* **Task brief**
The output must reproduce each line of the data word for word.

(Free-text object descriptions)
■ ■ ■ ■ ■

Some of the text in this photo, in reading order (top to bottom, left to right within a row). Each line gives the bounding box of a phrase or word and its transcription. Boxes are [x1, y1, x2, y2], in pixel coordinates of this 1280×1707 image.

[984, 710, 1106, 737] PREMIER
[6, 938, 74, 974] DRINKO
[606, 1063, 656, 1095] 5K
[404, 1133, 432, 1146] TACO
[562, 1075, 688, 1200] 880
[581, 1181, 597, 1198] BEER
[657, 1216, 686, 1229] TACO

■ ■ ■ ■ ■

* **Problem solution**
Some of the text in this photo, in reading order (top to bottom, left to right within a row). Each line gives the bounding box of a phrase or word and its transcription. Boxes are [x1, y1, x2, y2], in pixel coordinates of this 1280×1707 image.

[984, 710, 1106, 737] PREMIER
[6, 938, 74, 974] DRINKO
[606, 1063, 656, 1095] 5K
[404, 1133, 432, 1146] TACO
[562, 1075, 688, 1200] 880
[581, 1181, 597, 1198] BEER
[657, 1216, 686, 1229] TACO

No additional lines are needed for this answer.